--- SUPPLIED DATA ---
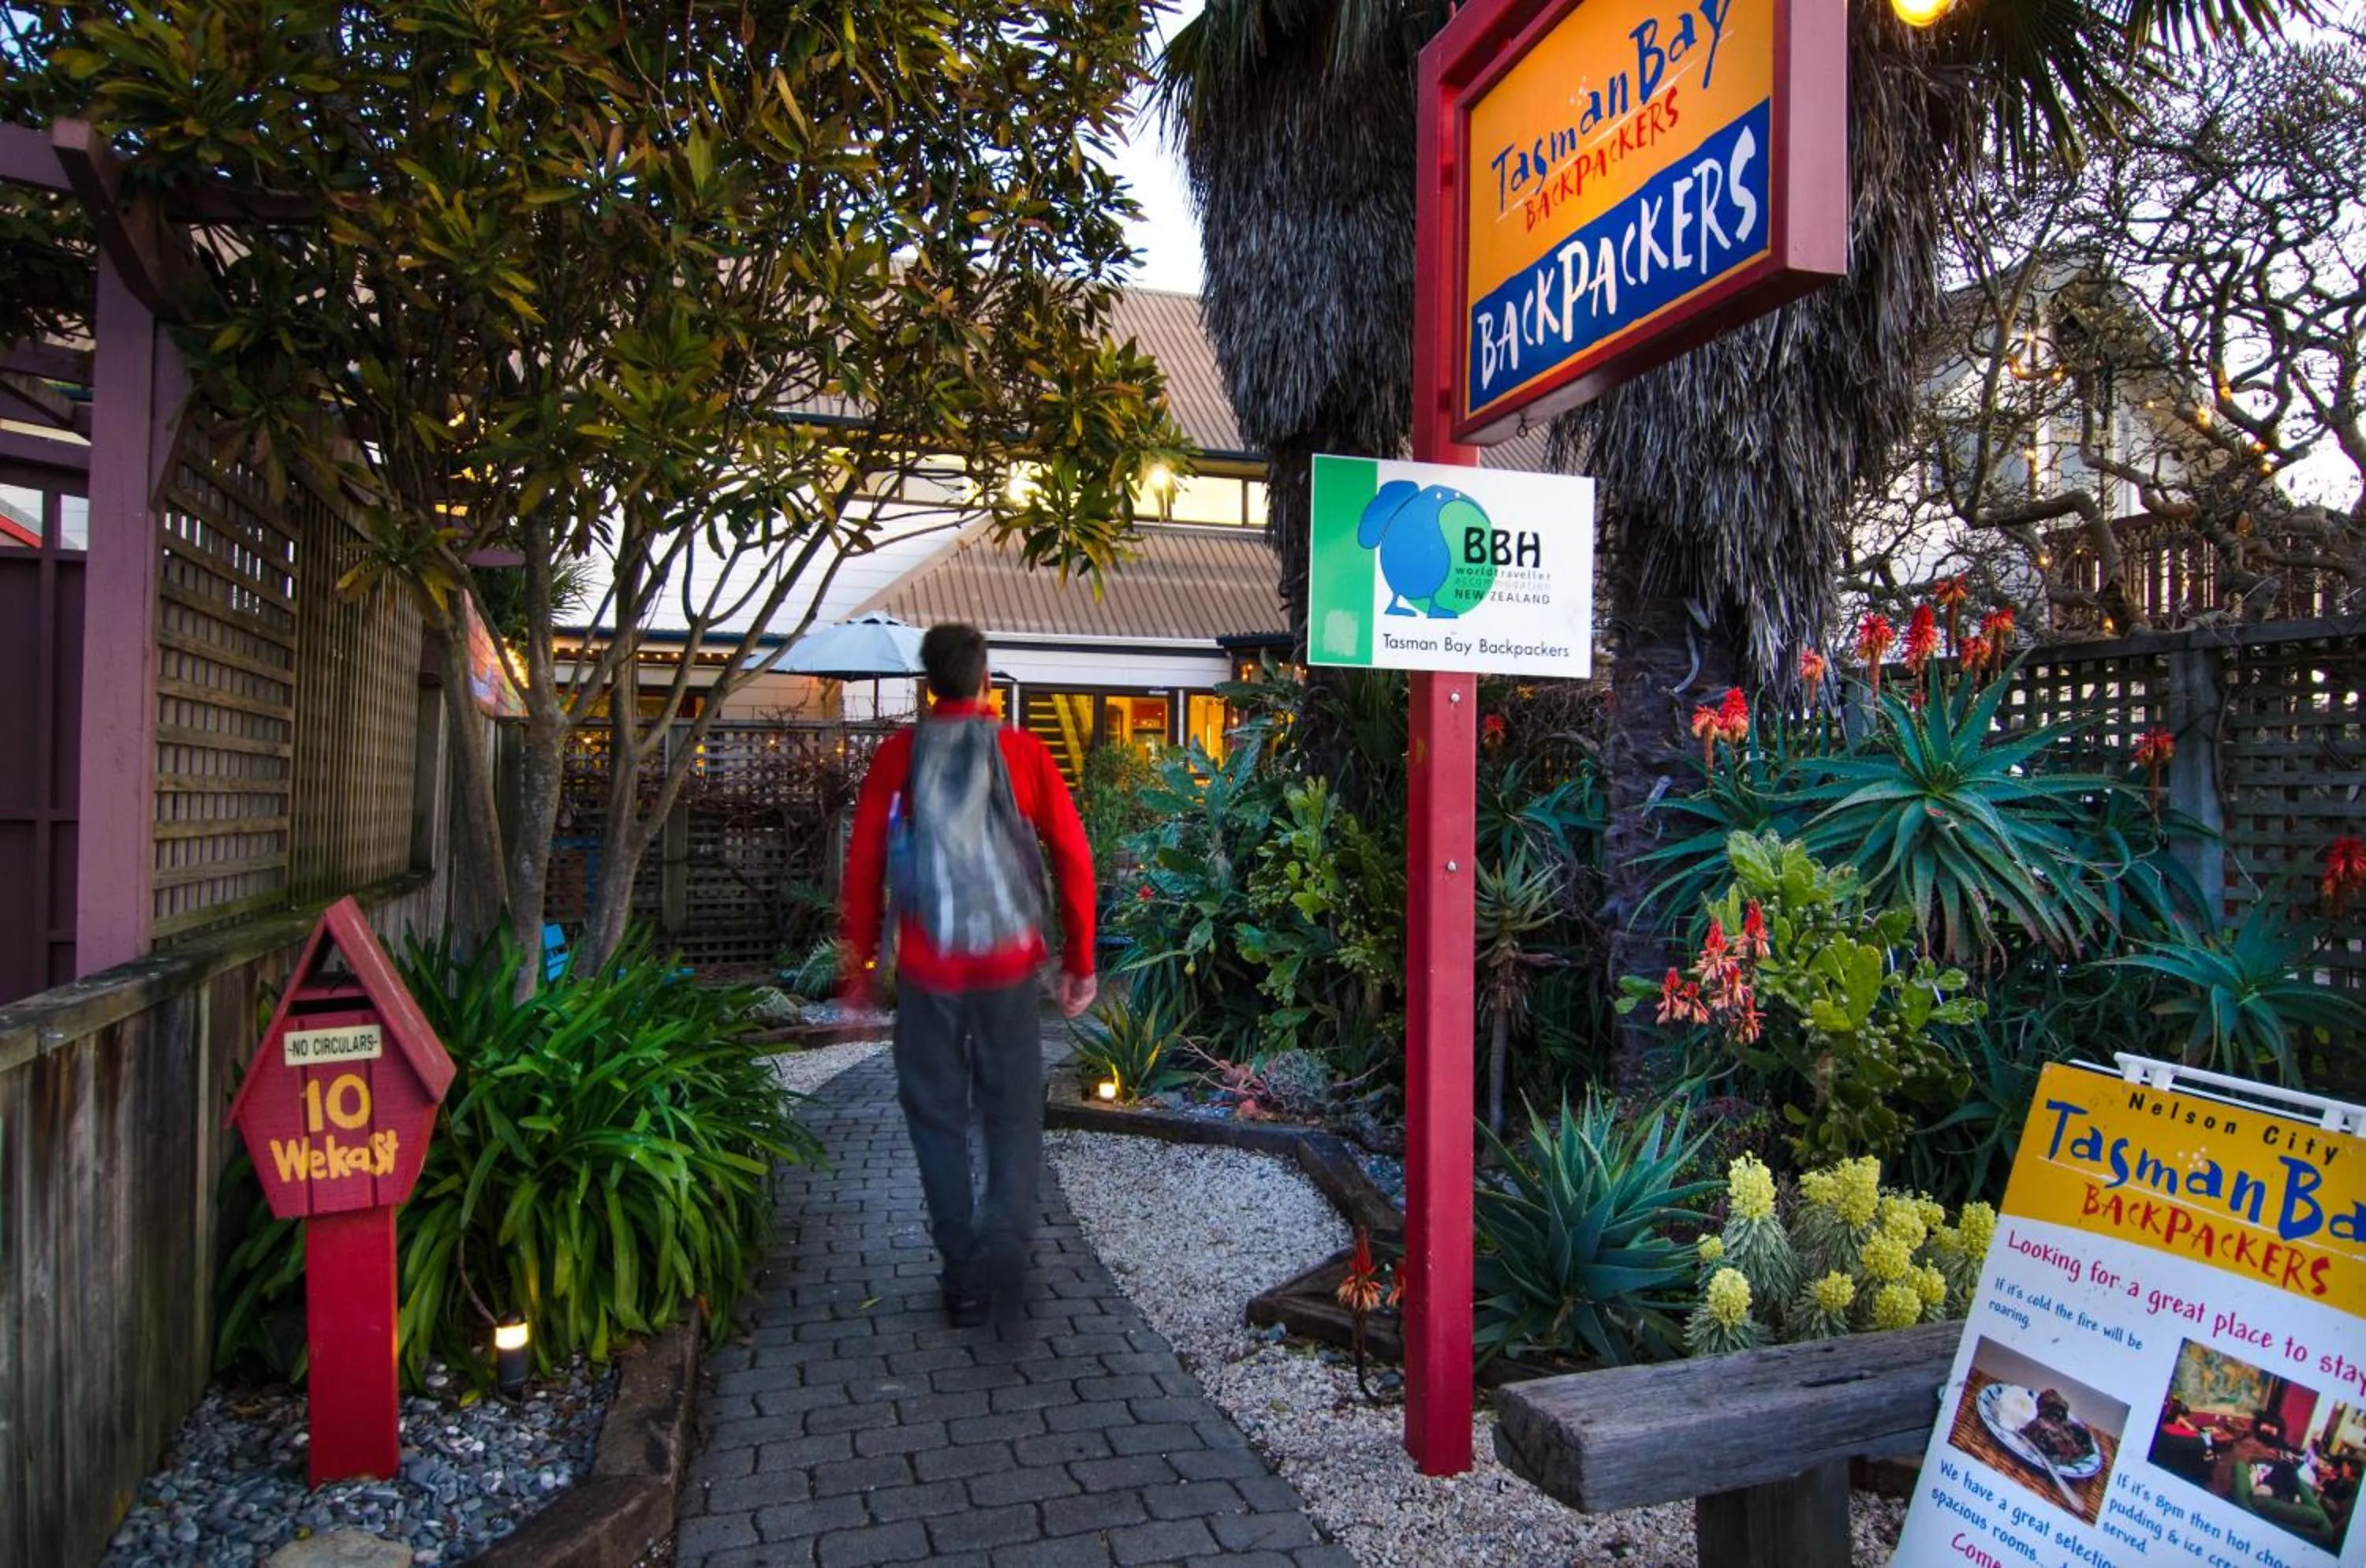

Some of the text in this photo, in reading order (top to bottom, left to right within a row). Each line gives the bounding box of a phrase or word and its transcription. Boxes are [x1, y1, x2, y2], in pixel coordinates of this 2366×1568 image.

[1491, 0, 1730, 211] Tasman Bay
[1525, 86, 1678, 233] BACKPACKERS
[1477, 125, 1756, 390] BACKPACKERS
[1465, 526, 1540, 568] BBH
[1454, 589, 1551, 605] NEW ZEALAND
[1383, 633, 1569, 659] Tasman Bay Backpackers
[307, 1073, 371, 1132] 10
[2129, 1092, 2339, 1166] Nelson City
[2046, 1099, 2267, 1223] Tasman
[2083, 1182, 2331, 1296] BACKPACKERS
[1995, 1276, 2143, 1350] If it's cold the fire will be
[2008, 1230, 2081, 1283] Looking
[2091, 1260, 2121, 1288] for
[2127, 1281, 2140, 1297] a
[2147, 1290, 2206, 1323] great
[2212, 1312, 2273, 1347] place
[2284, 1337, 2308, 1362] to
[1931, 1488, 1987, 1530] spacious
[1940, 1459, 2118, 1568] We have a great selectio
[2108, 1499, 2239, 1568] pudding & ice cre
[2117, 1472, 2292, 1568] If it's 8pm then hot cho
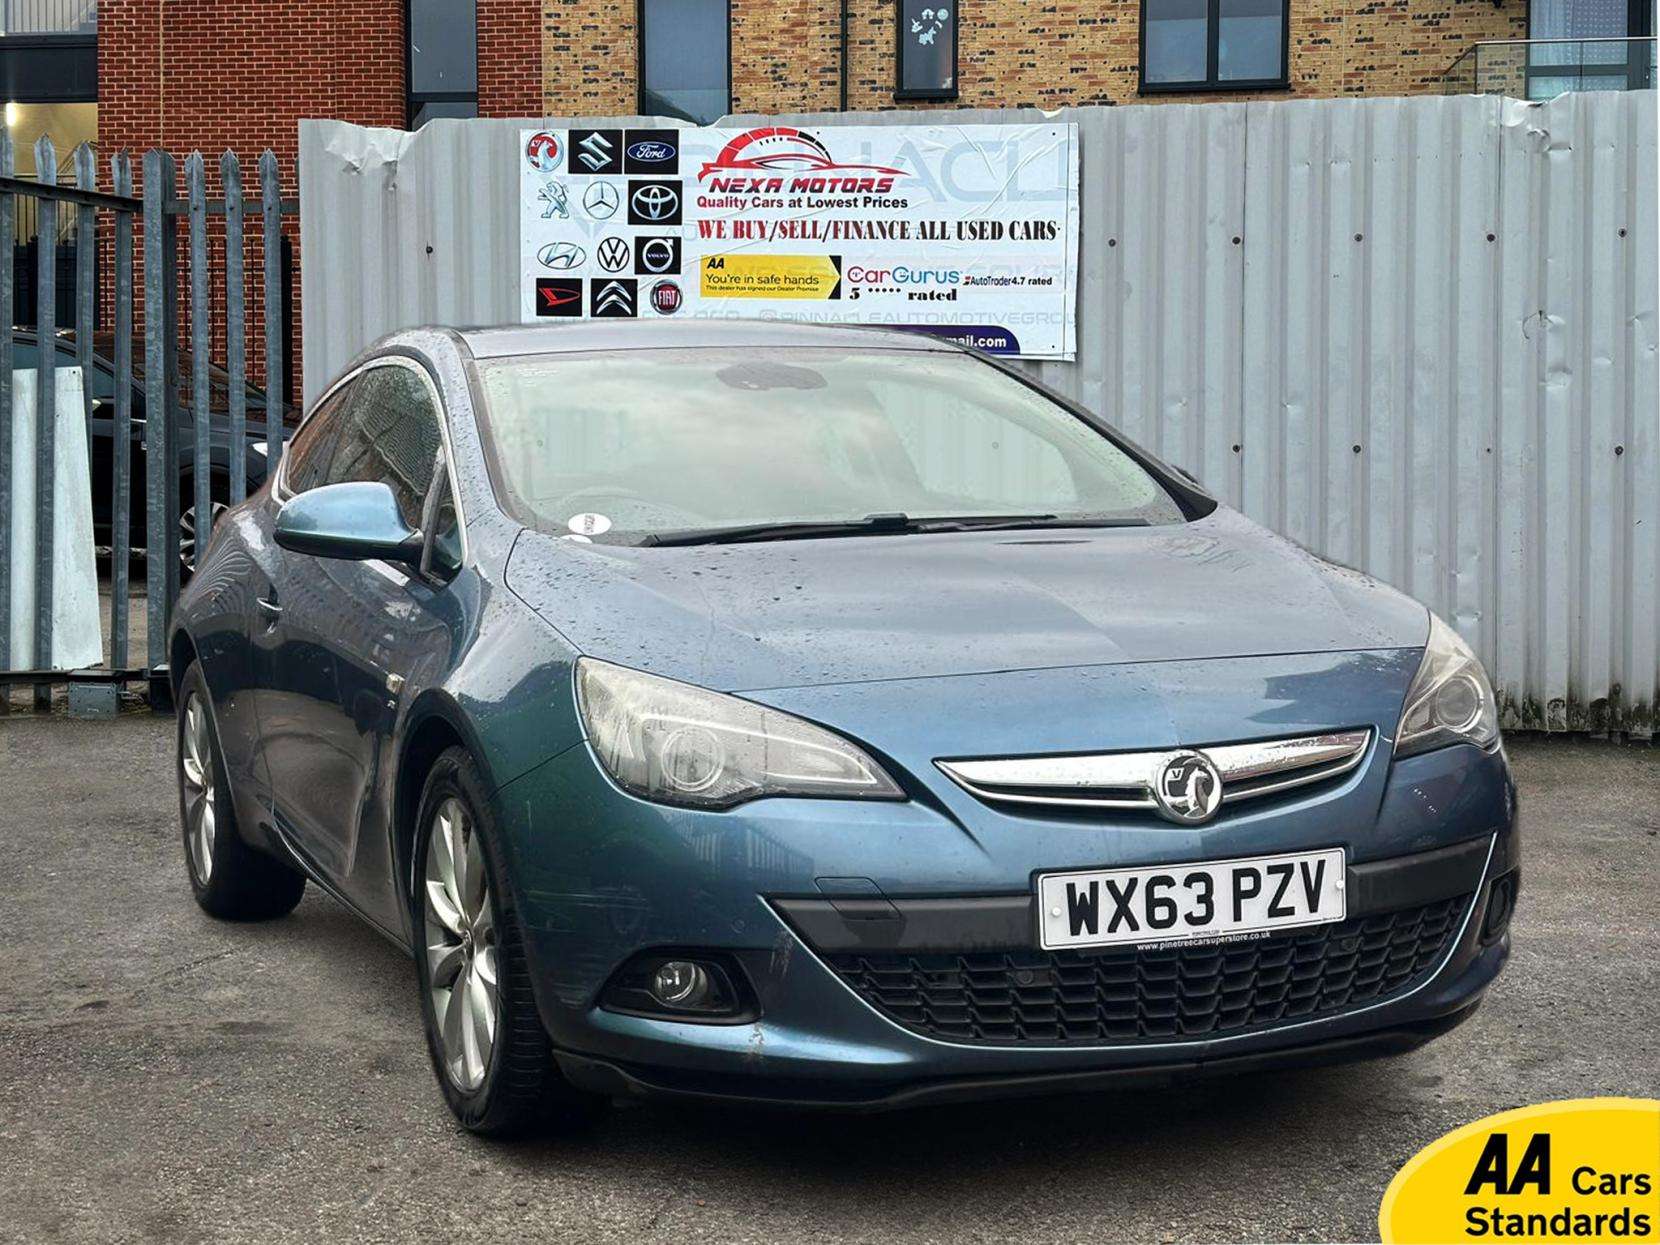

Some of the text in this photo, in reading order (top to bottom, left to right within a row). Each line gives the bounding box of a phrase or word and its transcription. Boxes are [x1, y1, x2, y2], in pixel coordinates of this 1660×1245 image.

[637, 144, 666, 158] Ford
[709, 178, 894, 193] NEXA MOTORS
[697, 196, 908, 210] Quality Cars at Lowest Prices
[697, 220, 726, 240] WE
[916, 220, 950, 240] ALL
[957, 220, 1004, 240] USED
[707, 258, 725, 269] AA
[706, 273, 819, 285] You're in safe hands
[847, 266, 960, 284] CarGurus
[970, 276, 1053, 286] AutoTrader 4.7 rated
[658, 290, 677, 305] FIAT
[849, 287, 957, 301] 5 rated
[1066, 859, 1326, 936] WX63 PZV
[1137, 931, 1271, 951] www.pinetreecarsuperstore.co.uk
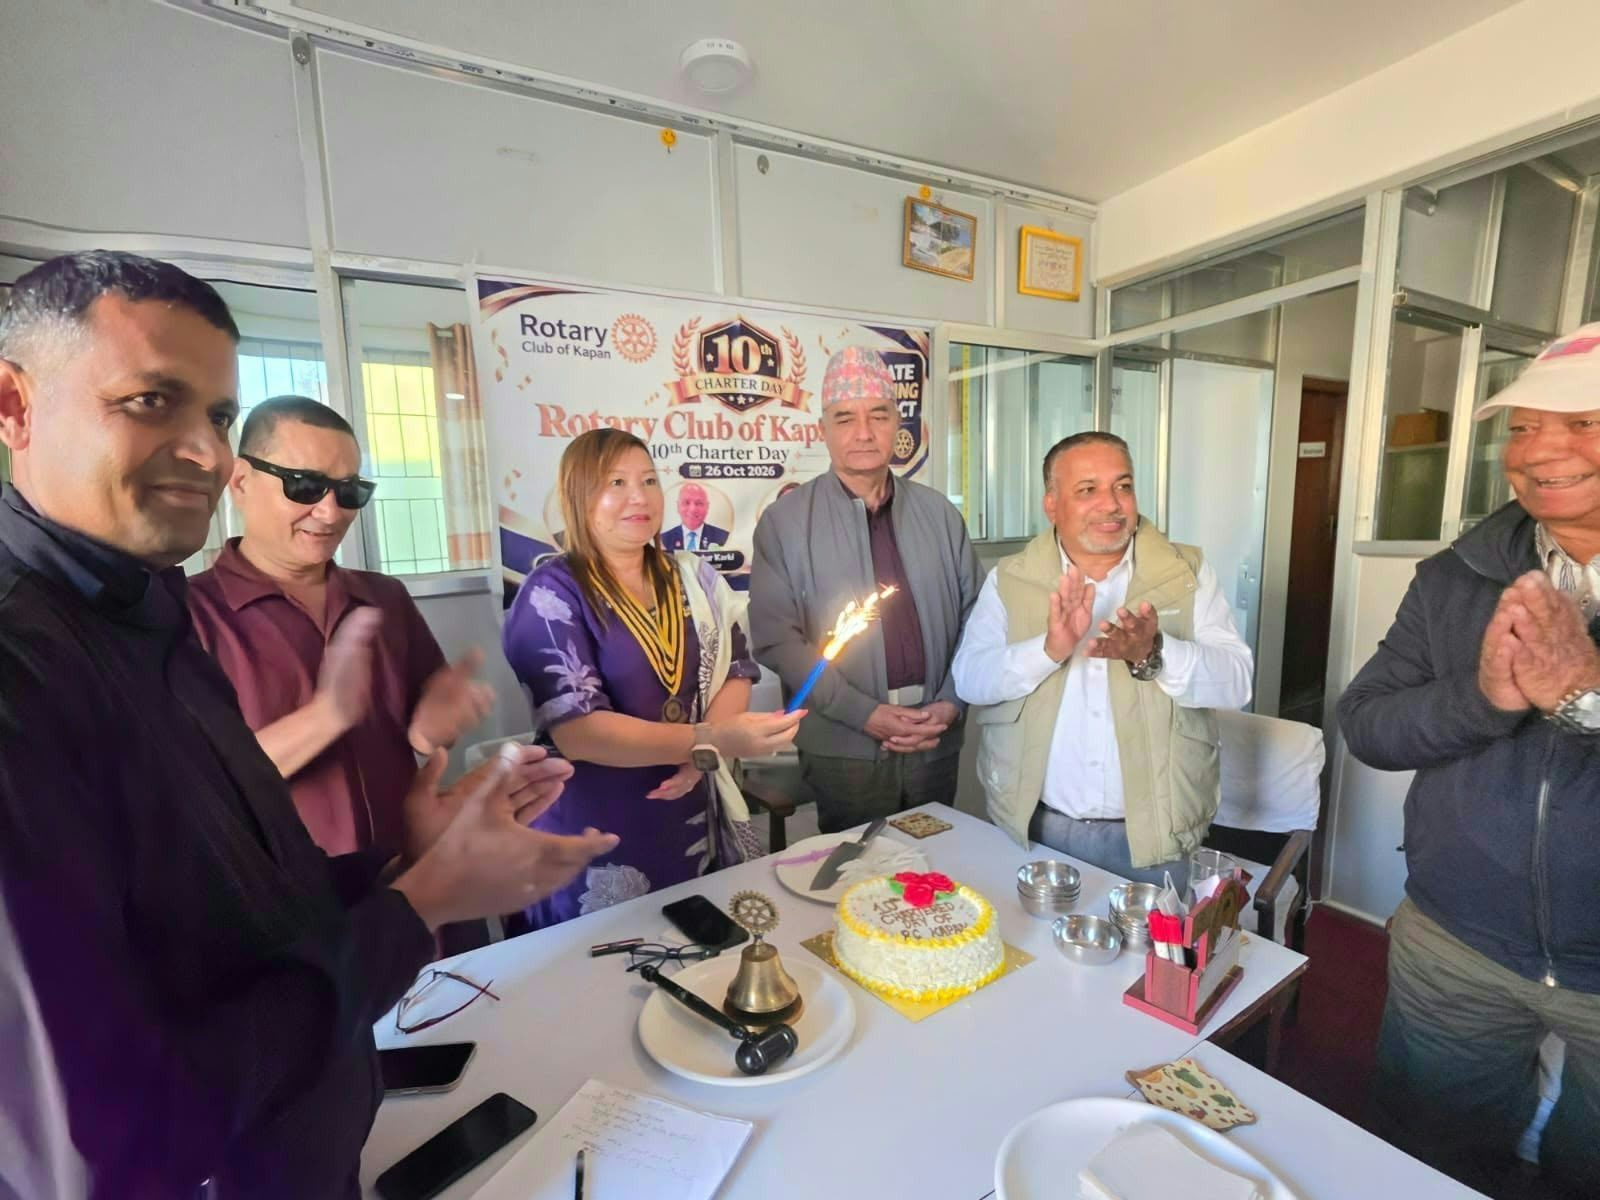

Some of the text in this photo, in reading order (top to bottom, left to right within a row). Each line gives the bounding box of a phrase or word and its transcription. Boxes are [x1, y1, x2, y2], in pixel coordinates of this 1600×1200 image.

[520, 313, 607, 348] Rotary
[522, 340, 611, 360] Club of Kapan
[695, 377, 786, 395] CHARTER DAY
[664, 410, 733, 440] Club
[738, 414, 766, 442] of
[651, 442, 789, 464] 10th Charter Day
[705, 465, 776, 477] 26 Oct 2026

--- WHAT YOU HAVE TO DO ---
Pictures in the entries are to be skipped, and everything else repeated word for word.

--- EXERCISE OUTPUT ---
Some of the text in this photo, in reading order (top to bottom, left to right within a row). Each line gives the bounding box of a phrase or word and its transcription. Boxes are [x1, y1, x2, y2], in pixel coordinates of this 2366×1568 image.

[1491, 0, 1730, 211] Tasman Bay
[1525, 86, 1678, 233] BACKPACKERS
[1477, 125, 1756, 390] BACKPACKERS
[1465, 526, 1540, 568] BBH
[1454, 589, 1551, 605] NEW ZEALAND
[1383, 633, 1569, 659] Tasman Bay Backpackers
[307, 1073, 371, 1132] 10
[2129, 1092, 2339, 1166] Nelson City
[2046, 1099, 2267, 1223] Tasman
[2083, 1182, 2331, 1296] BACKPACKERS
[1995, 1276, 2143, 1350] If it's cold the fire will be
[2008, 1230, 2081, 1283] Looking
[2091, 1260, 2121, 1288] for
[2127, 1281, 2140, 1297] a
[2147, 1290, 2206, 1323] great
[2212, 1312, 2273, 1347] place
[2284, 1337, 2308, 1362] to
[1931, 1488, 1987, 1530] spacious
[1940, 1459, 2118, 1568] We have a great selectio
[2108, 1499, 2239, 1568] pudding & ice cre
[2117, 1472, 2292, 1568] If it's 8pm then hot cho

Some of the text in this photo, in reading order (top to bottom, left to right within a row). Each line gives the bounding box of a phrase or word and its transcription. Boxes are [x1, y1, x2, y2], in pixel coordinates of this 1660×1245 image.

[637, 144, 666, 158] Ford
[709, 178, 894, 193] NEXA MOTORS
[697, 196, 908, 210] Quality Cars at Lowest Prices
[697, 220, 726, 240] WE
[916, 220, 950, 240] ALL
[957, 220, 1004, 240] USED
[707, 258, 725, 269] AA
[706, 273, 819, 285] You're in safe hands
[847, 266, 960, 284] CarGurus
[970, 276, 1053, 286] AutoTrader 4.7 rated
[658, 290, 677, 305] FIAT
[849, 287, 957, 301] 5 rated
[1066, 859, 1326, 936] WX63 PZV
[1137, 931, 1271, 951] www.pinetreecarsuperstore.co.uk

Some of the text in this photo, in reading order (top to bottom, left to right within a row). Each line gives the bounding box of a phrase or word and its transcription. Boxes are [x1, y1, x2, y2], in pixel coordinates of this 1600×1200 image.

[520, 313, 607, 348] Rotary
[522, 340, 611, 360] Club of Kapan
[695, 377, 786, 395] CHARTER DAY
[664, 410, 733, 440] Club
[738, 414, 766, 442] of
[651, 442, 789, 464] 10th Charter Day
[705, 465, 776, 477] 26 Oct 2026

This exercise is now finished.